## Supplied information:
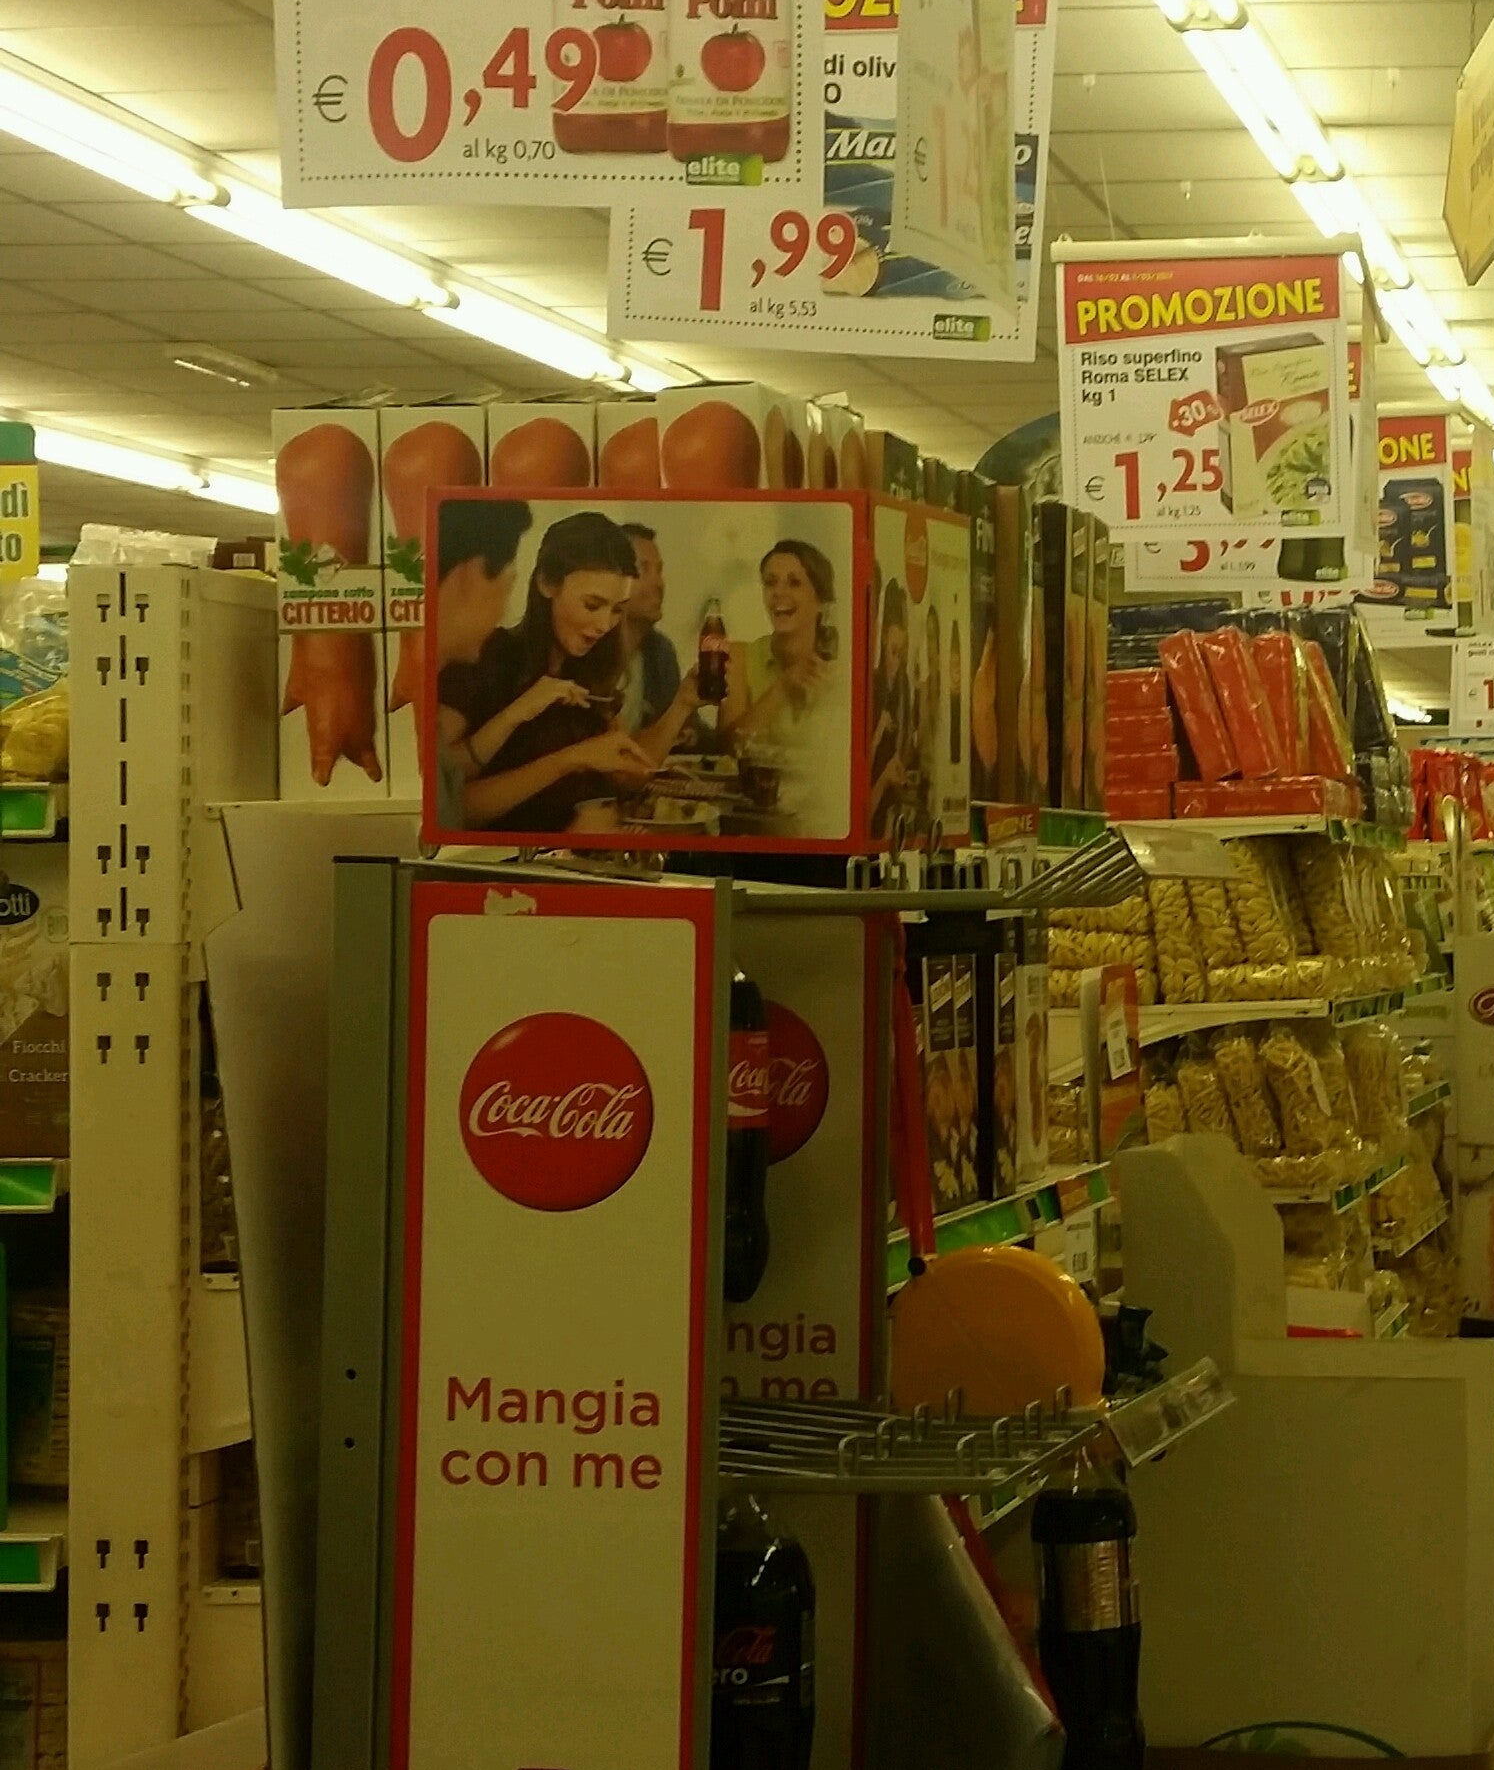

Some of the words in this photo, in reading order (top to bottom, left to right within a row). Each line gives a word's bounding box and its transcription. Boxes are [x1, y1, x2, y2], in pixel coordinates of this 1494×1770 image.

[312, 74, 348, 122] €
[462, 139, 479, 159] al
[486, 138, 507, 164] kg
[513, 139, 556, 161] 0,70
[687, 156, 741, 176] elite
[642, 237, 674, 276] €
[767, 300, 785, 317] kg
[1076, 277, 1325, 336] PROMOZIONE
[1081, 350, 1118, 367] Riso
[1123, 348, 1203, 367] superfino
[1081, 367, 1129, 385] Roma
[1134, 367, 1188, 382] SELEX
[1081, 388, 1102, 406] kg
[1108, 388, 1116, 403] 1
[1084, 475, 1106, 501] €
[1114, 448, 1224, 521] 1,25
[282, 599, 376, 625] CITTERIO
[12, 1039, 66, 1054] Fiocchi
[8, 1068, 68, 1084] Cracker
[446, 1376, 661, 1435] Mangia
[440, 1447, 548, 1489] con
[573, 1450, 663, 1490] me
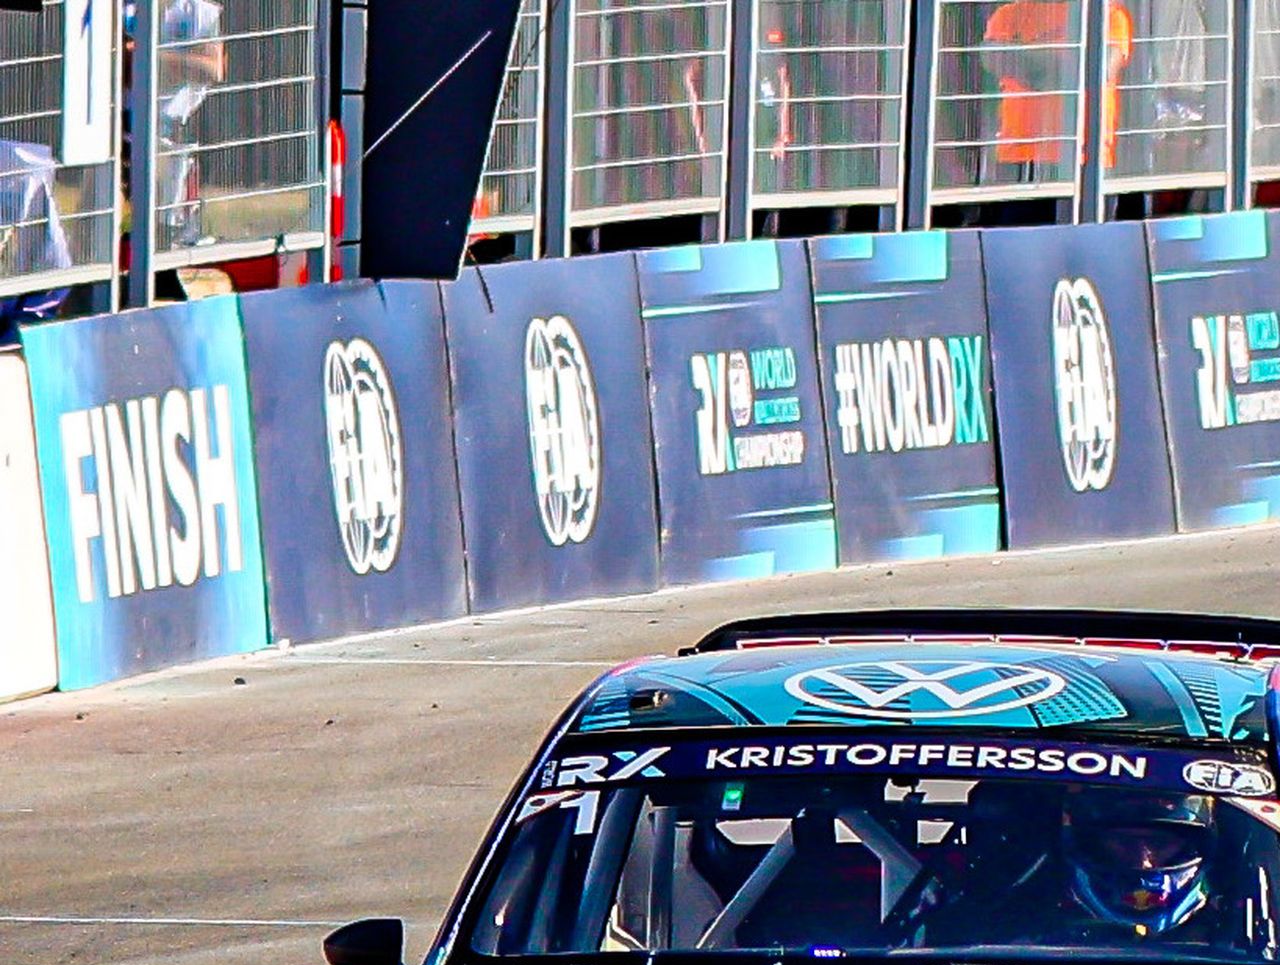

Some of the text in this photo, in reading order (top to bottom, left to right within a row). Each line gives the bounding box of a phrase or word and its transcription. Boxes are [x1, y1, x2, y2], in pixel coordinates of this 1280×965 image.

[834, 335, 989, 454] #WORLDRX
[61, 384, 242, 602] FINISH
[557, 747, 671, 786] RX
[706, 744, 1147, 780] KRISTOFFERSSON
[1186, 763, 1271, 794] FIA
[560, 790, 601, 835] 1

## Aim of the exercise:
Restate each entry verbatim and skip every image.

## Problem solution:
Some of the words in this photo, in reading order (top to bottom, left to right within a row). Each line gives a word's bounding box and its transcription. Boxes are [x1, y1, x2, y2], in pixel coordinates of this 1494×1770 image.

[312, 74, 348, 122] €
[462, 139, 479, 159] al
[486, 138, 507, 164] kg
[513, 139, 556, 161] 0,70
[687, 156, 741, 176] elite
[642, 237, 674, 276] €
[767, 300, 785, 317] kg
[1076, 277, 1325, 336] PROMOZIONE
[1081, 350, 1118, 367] Riso
[1123, 348, 1203, 367] superfino
[1081, 367, 1129, 385] Roma
[1134, 367, 1188, 382] SELEX
[1081, 388, 1102, 406] kg
[1108, 388, 1116, 403] 1
[1084, 475, 1106, 501] €
[1114, 448, 1224, 521] 1,25
[282, 599, 376, 625] CITTERIO
[12, 1039, 66, 1054] Fiocchi
[8, 1068, 68, 1084] Cracker
[446, 1376, 661, 1435] Mangia
[440, 1447, 548, 1489] con
[573, 1450, 663, 1490] me

Some of the text in this photo, in reading order (top to bottom, left to right within a row). Each line gives the bounding box of a phrase or word and its transcription. Boxes are [x1, y1, x2, y2], in pixel coordinates of this 1280×965 image.

[834, 335, 989, 454] #WORLDRX
[61, 384, 242, 602] FINISH
[557, 747, 671, 786] RX
[706, 744, 1147, 780] KRISTOFFERSSON
[1186, 763, 1271, 794] FIA
[560, 790, 601, 835] 1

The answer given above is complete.